What really matters is the implementation, right? And so one of the things that we'll probably have released by the time this podcast comes out is right now in line graph, line graph is very stateful. You define a state for your graph and basically a run of an agent operates on a thread.

It's very similar to threads in open AI's assistant API, but you can define the state however you want. You can define whatever keys, whatever values you want. Right now, they're all persistent for a single thread. We're going to add the ability to persist that between threads. So then if you basically want to scope a memory to a user ID or to an assistant or to an organization, then you can do that.

And practically what that means is you can write to that channel whatever you want, and then that can be read in other threads. We're not making any kind of like claims around what the shape of memory is, right? You can write kind of like what you want there. I still think it's like so early on and we see people needing a lot of control over that.

And so I think this is our current best thought. This is what we're doing around memory at the moment. It's basically extending the state to beyond a thread level. I feel like there's a trade-off between you know, complexity and control, right? For example, like Notion is more complex than Google Docs, but if you use it well, then it gives you more capability, right?

And it's like different tool might suit different applications or scenarios or whatever. Yeah. We should make more good tools, I guess.

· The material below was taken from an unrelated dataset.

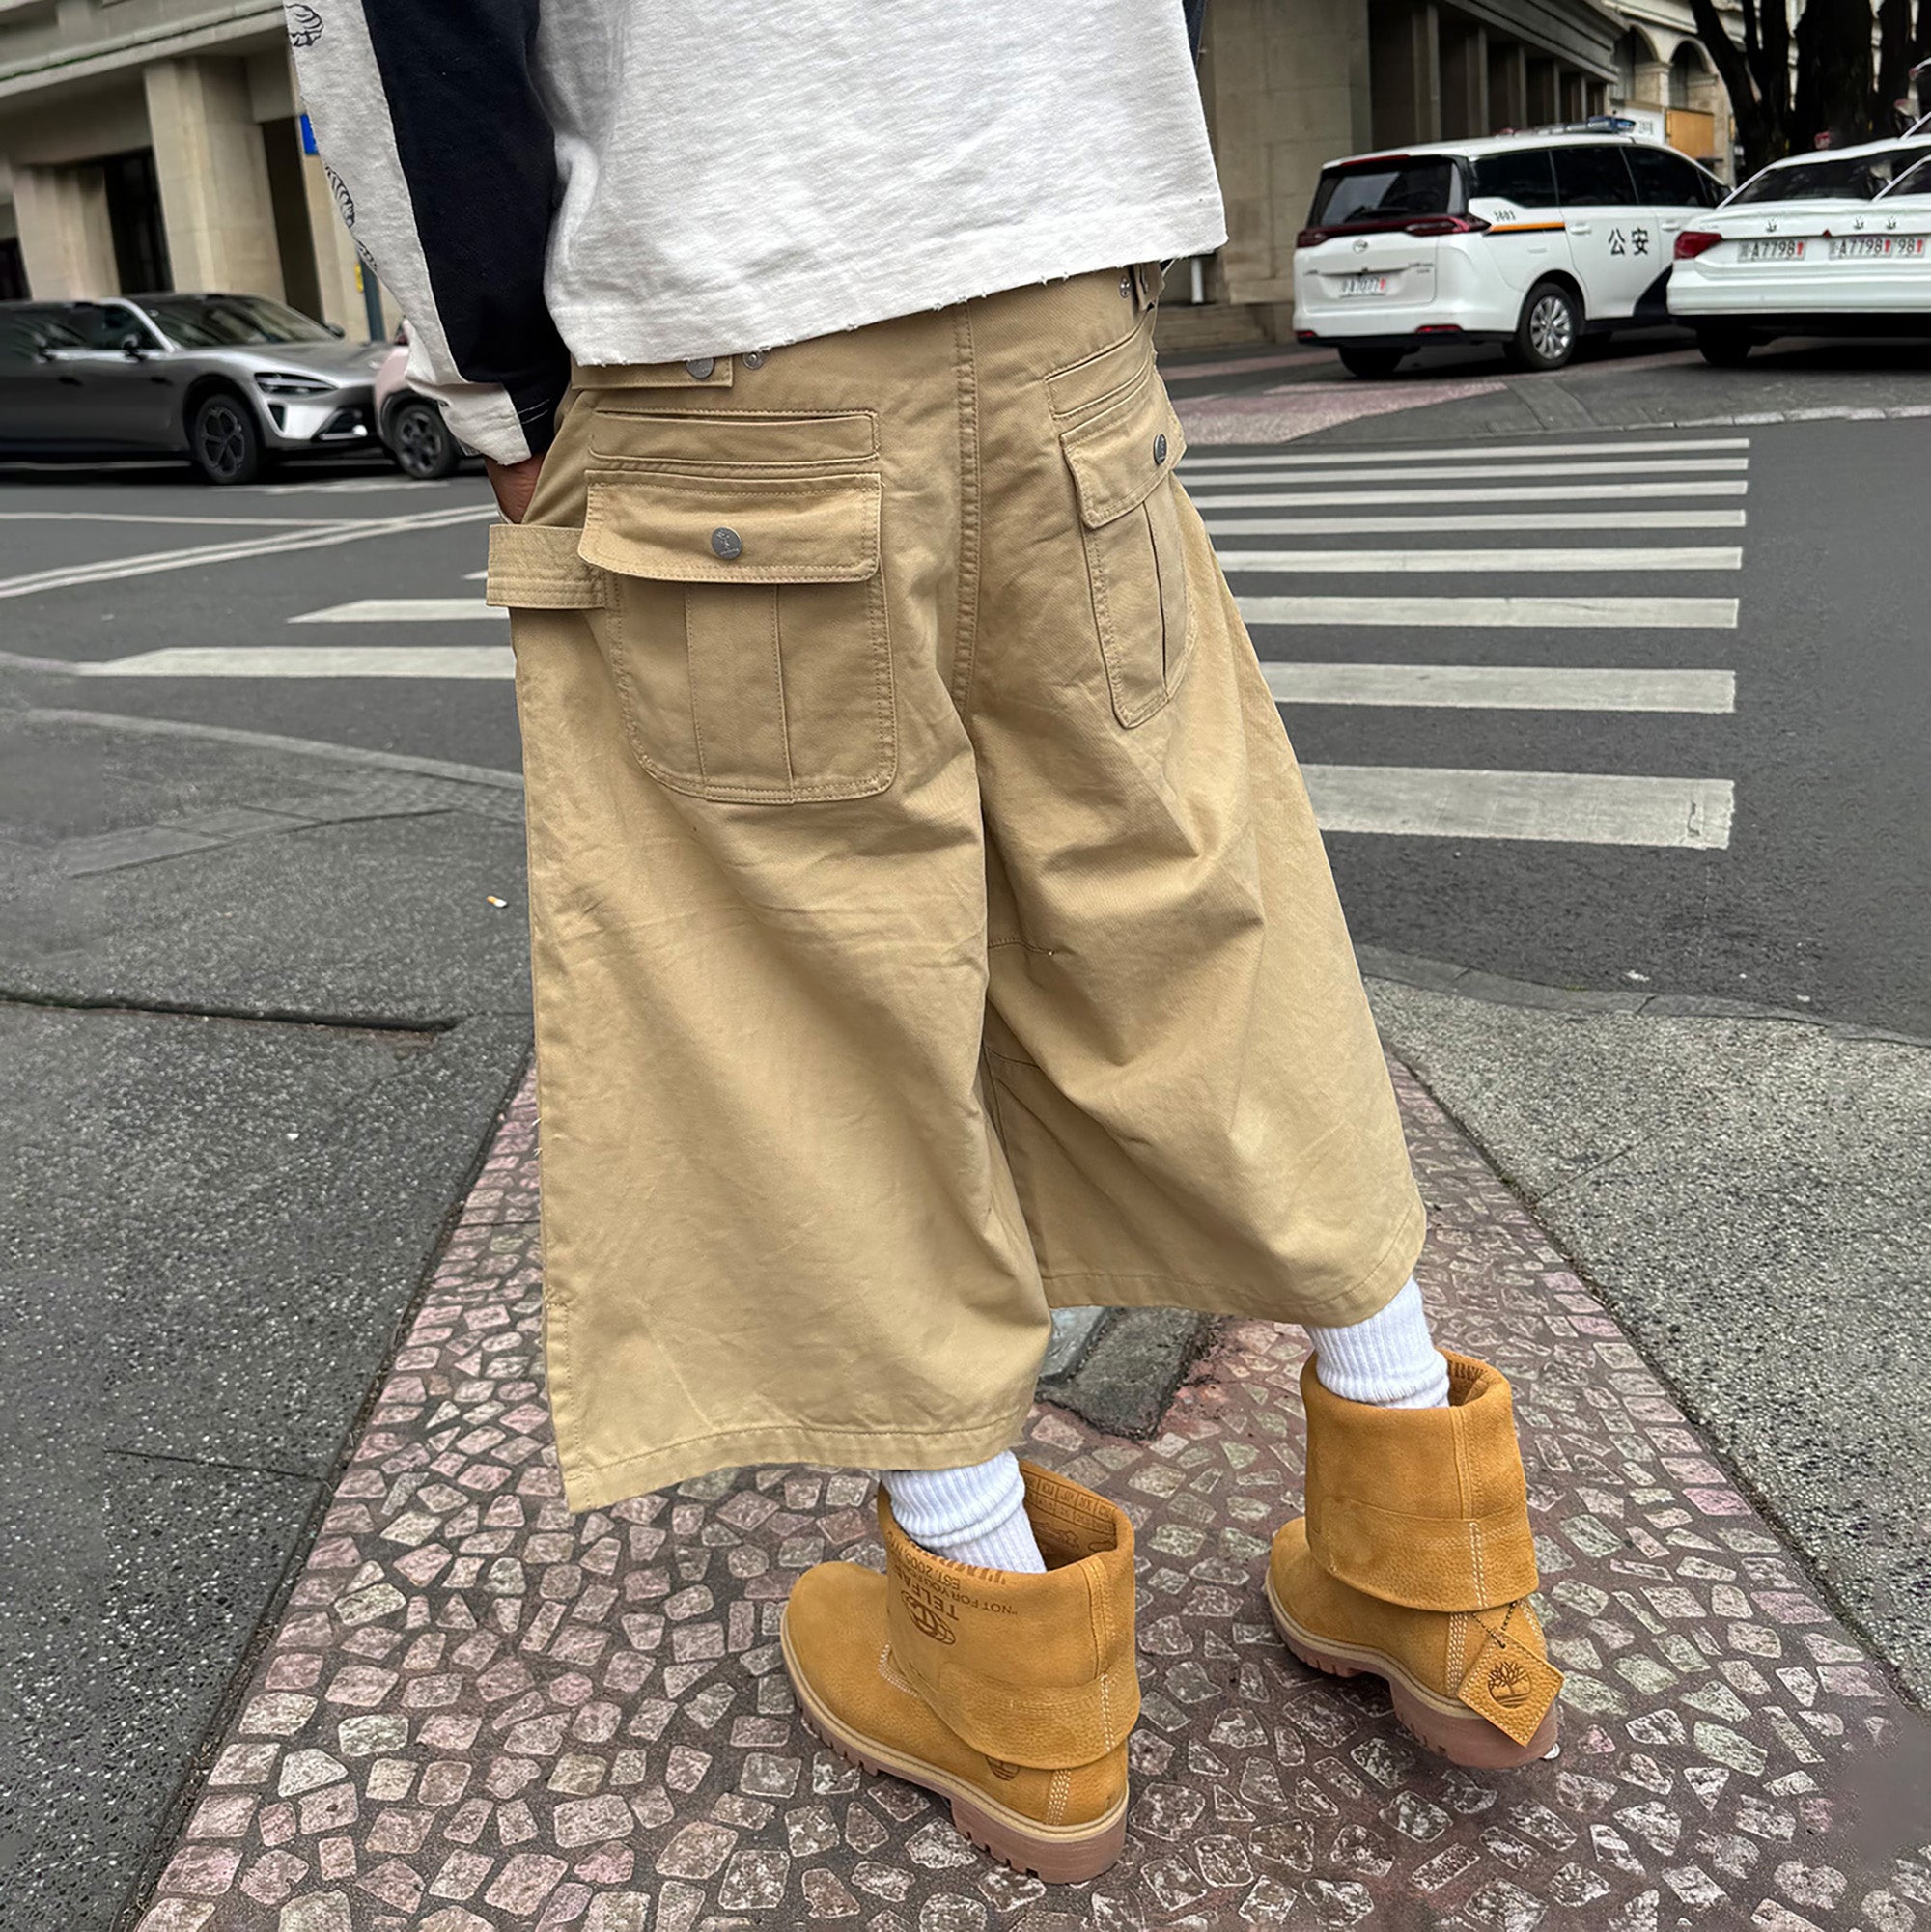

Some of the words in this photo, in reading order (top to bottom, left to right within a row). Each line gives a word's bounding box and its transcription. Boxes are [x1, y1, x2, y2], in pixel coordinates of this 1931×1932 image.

[1608, 227, 1649, 256] 公安
[934, 1568, 962, 1591] EST.
[951, 1591, 979, 1609] FOR

My quick take is when I started writing about the AI engineer, this was kind of vaguely in my head, but like this is basically the job. Everything outside the LLM is the AI engineer that the researcher is not going to do.

This basically maps to LLMOS. I would add in the code interpreter, the browser and the other stuff, but yeah, this is mostly it. Yeah, those are the I mean, those are the tools, yeah. Those are the external environment, which is a small box at the bottom. So then having this like reasonable level of confidence, like I know what things are, then I want to break it.

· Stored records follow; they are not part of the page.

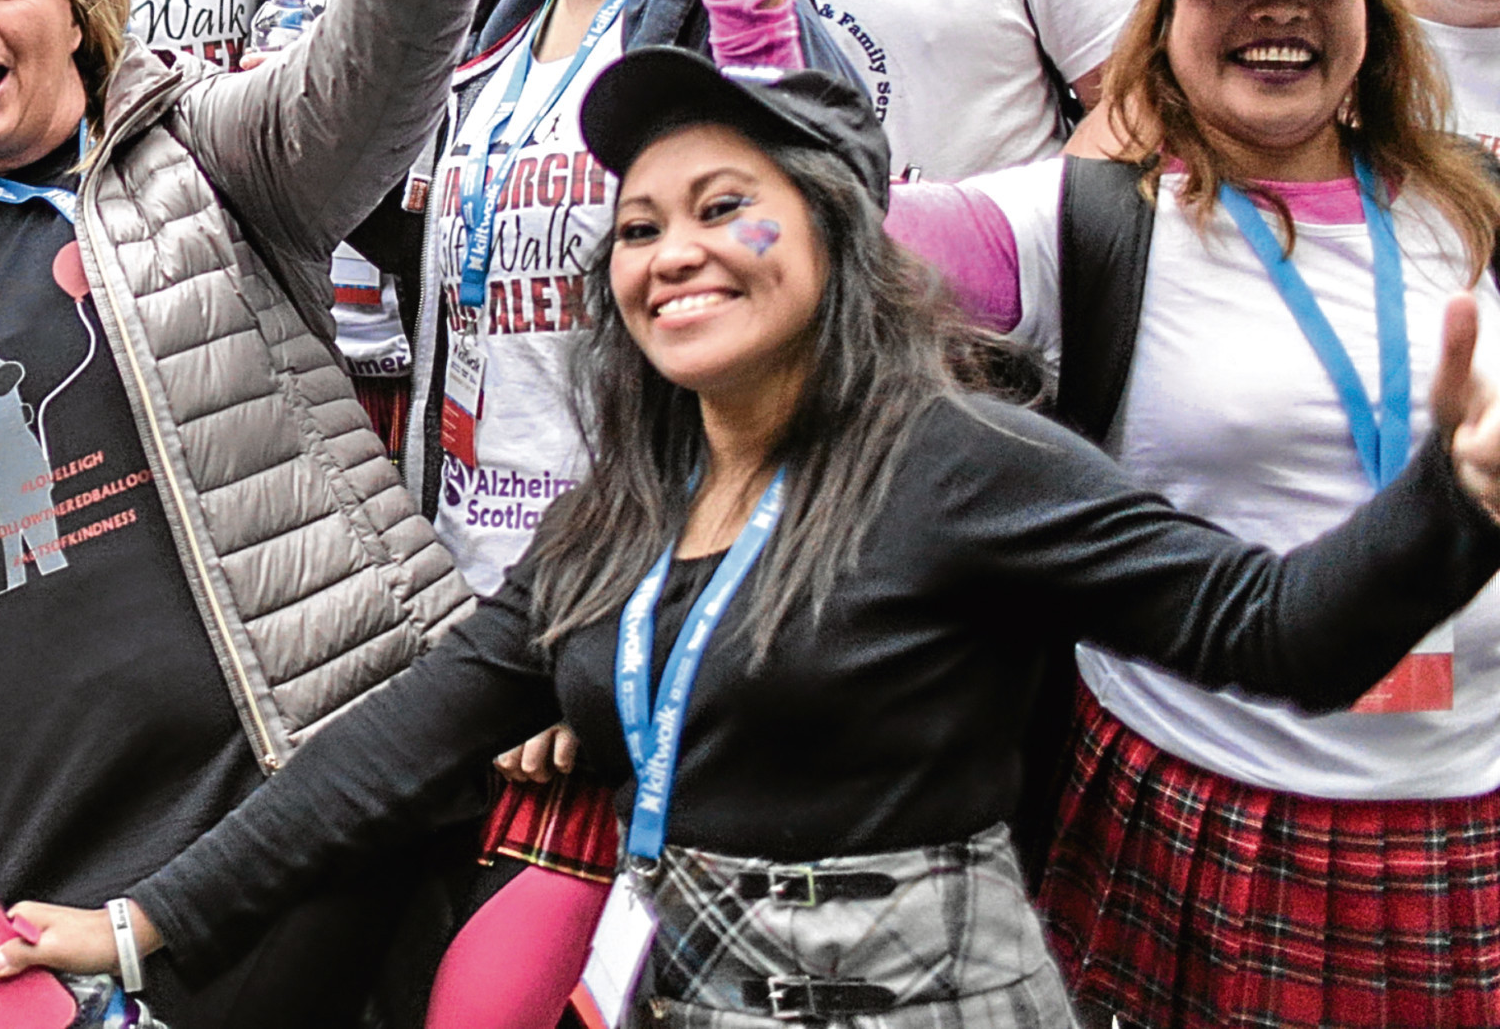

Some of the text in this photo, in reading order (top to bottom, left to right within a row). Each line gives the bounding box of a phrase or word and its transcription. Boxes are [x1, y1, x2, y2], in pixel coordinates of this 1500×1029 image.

[818, 3, 835, 20] &
[836, 12, 888, 75] Family
[471, 183, 500, 259] kiltwalk
[491, 202, 592, 274] Walk
[488, 275, 593, 335] ALEX
[21, 450, 104, 494] #LOVELEIGH
[13, 508, 137, 568] #ACTSOFKINDNESS
[641, 704, 677, 794] kiltwalk

I want to be like, okay, like what's coming up that's going to blindside me completely. And it really is maybe like omni-model where like everything in, everything out. And like, does that change anything? Like if you scale up models like a hundred times more, does that change anything? That's actually a great, great question.

I think that's actually the last paragraph of the paper that's talking about this. I also got asked this question when I was interviewing with OpenAI. Please tell us how to pass OpenAI interviews. Is any of this still true if, you know, if you 100x everything, if we make the model much better?

My longer answer to this, you should just refer to the last paragraph of the paper, which is like a more prepared, longer answer. I think the short answer is understanding is always better. It's like a way of understanding things. Like the solid experiment that I write at the end of the paper is, imagine you have GPT-10, which is really good.

Like it doesn't even need a chain of thought, right? Just input, output, just stick to stick, right? It doesn't even need to do browsing or whatever, or maybe it still needs some tools, but let's say like, it's really powerful. Like then I think even in that point, I think something like Koala is still useful if we want to do some neuroscience on GPT-10.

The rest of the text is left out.